Prostacyclin-induced peroxisome proliferator-activated receptor-α translocation attenuates NF-κB and TNF-α activation after renal ischemia-reperfusion injury

Chen HH, Chen TW, Lin H. Prostacyclin-induced peroxisome proliferator-activated receptor-alpha translocation attenuates NF-kappa B and TNF-alpha activation after renal ischemia-reperfusion injury. Am J Physiol Renal Physiol 297: F1109-F1118, 2009. First published July 29, 2009; doi:10.1152/ajprenal.00057.2009.-Prostacyclin and peroxisome proliferator-activated receptors (PPAR) protect against ischemia-reperfusion (I/R) injury by the induction of an anti-inflammatory pathway. In this study, we examined the prostacyclin-enhanced protective effect of PPAR alpha in I/R-induced kidney injury. PPAR-alpha reduced the NF-kappa B-induced overexpression of TNF-alpha and apoptosis in cultured kidney cells. In a murine model, pretreating wild-type (WT) mice with a PPAR-alpha activator, docosahexaenoic acid (DHA), significantly reduced I/R-induced renal dysfunction (lowered serum creatinine and urea nitrogen levels), apoptotic responses (decreased apoptotic cell number and caspase-3, -8 activation), and NF-kappa B activation. By comparison, I/R-induced injury was exacerbated in PPAR-alpha knockout mice. This indicated that PPAR-alpha attenuated renal I/R injury via NF-kappa B-induced TNF-alpha overexpression. Overexpression of prostacyclin using an adenovirus could also induce PPAR-alpha translocation from the cytosol into the nucleus to inhibit caspase-3 activation. This prostacyclin/PPAR-alpha pathway attenuated TNF-alpha promoter activity by binding to NF-kappa B. Using a cAMP inhibitor (CAY10441) and a prostacyclin receptor antibody, we also found that there was another prostacyclin/IP receptor/cAMP pathway that could inhibit TNF-alpha production.

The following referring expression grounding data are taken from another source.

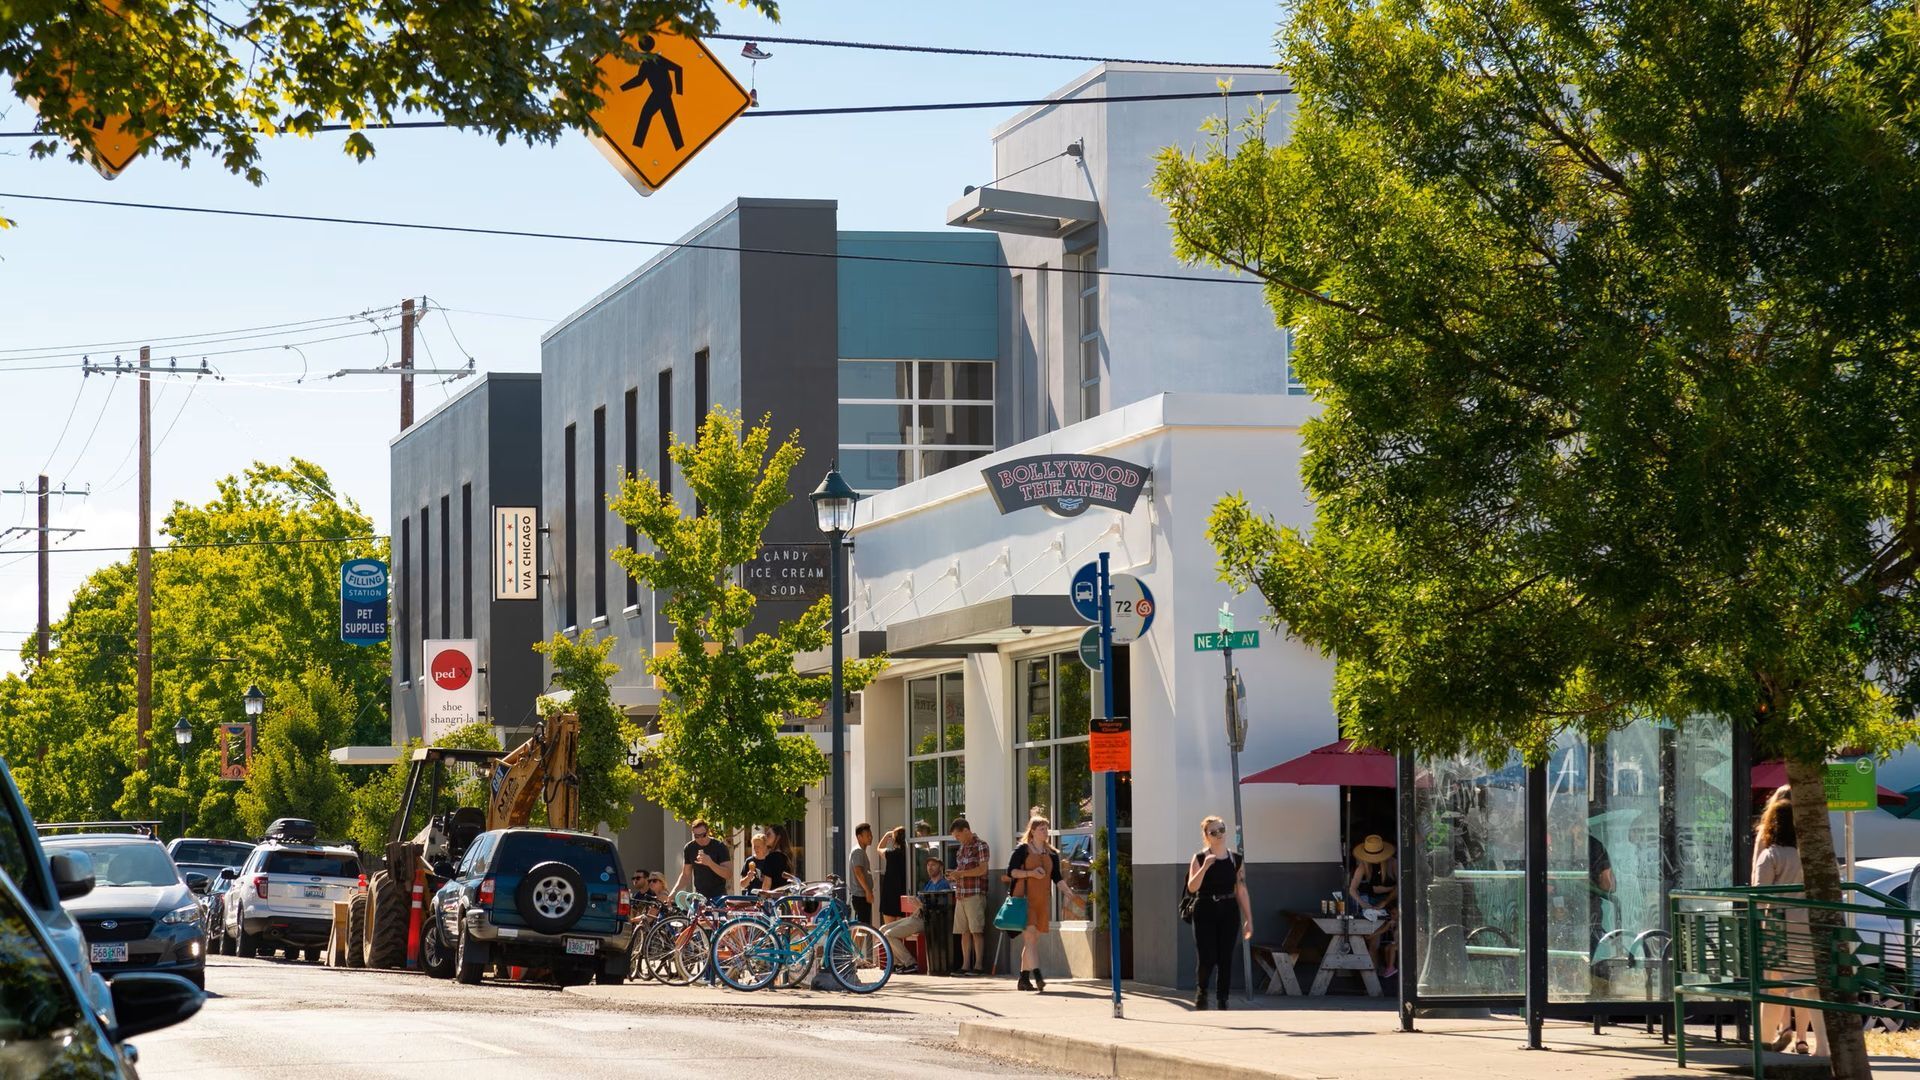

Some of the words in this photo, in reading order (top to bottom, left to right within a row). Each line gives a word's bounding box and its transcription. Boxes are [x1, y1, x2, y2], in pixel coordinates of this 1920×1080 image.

[998, 461, 1140, 488] BOLLYWOOD
[1019, 480, 1118, 501] THEATER
[522, 516, 531, 566] CHICAGO
[763, 550, 808, 562] CANDY
[751, 568, 771, 578] ICE
[781, 568, 824, 578] CREAM
[348, 575, 382, 586] FILLING
[523, 571, 531, 590] VIA
[348, 589, 382, 597] STATION
[770, 585, 806, 595] SODA
[1115, 600, 1132, 613] 72
[357, 608, 373, 620] PET
[345, 622, 385, 634] SUPPLIES
[1197, 635, 1212, 649] NE
[1241, 633, 1255, 646] AV
[435, 667, 456, 682] ped
[442, 701, 463, 711] shoe
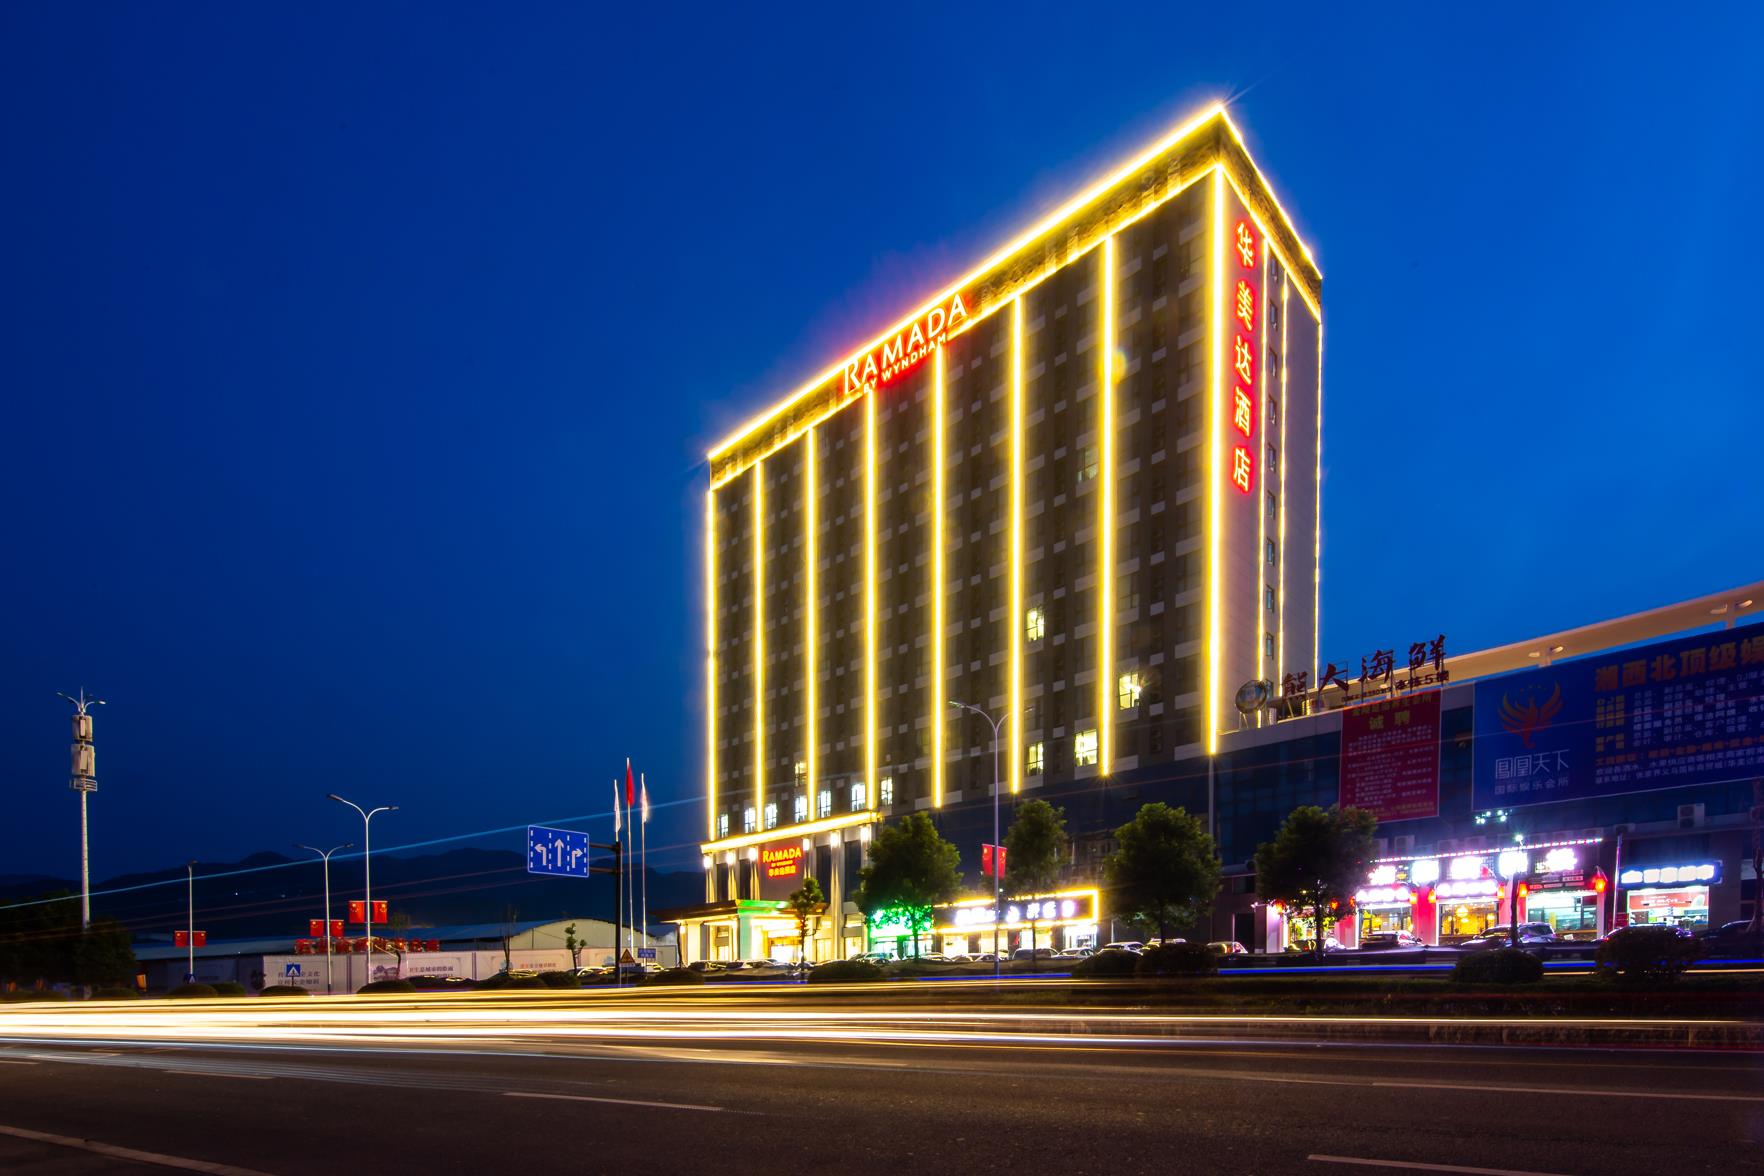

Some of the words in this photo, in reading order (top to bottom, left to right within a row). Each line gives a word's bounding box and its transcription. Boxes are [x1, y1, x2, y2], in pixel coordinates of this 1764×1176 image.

[843, 294, 968, 395] RAMADA
[863, 377, 878, 394] BY
[881, 332, 946, 381] WYNDHAM
[1233, 222, 1254, 492] 华美达酒店
[762, 847, 801, 863] RAMADA

Taken together, our results demonstrate for the first time that prostacyclin induces the translocation of PPAR-alpha from the cytosol into the nucleus and attenuates NF-kappa B-induced TNF-alpha activation following renal I/R injury. Treatments that can augment prostacyclin, PPAR-alpha, or the associated signaling pathways may ameliorate conditions associated with renal I/R injury.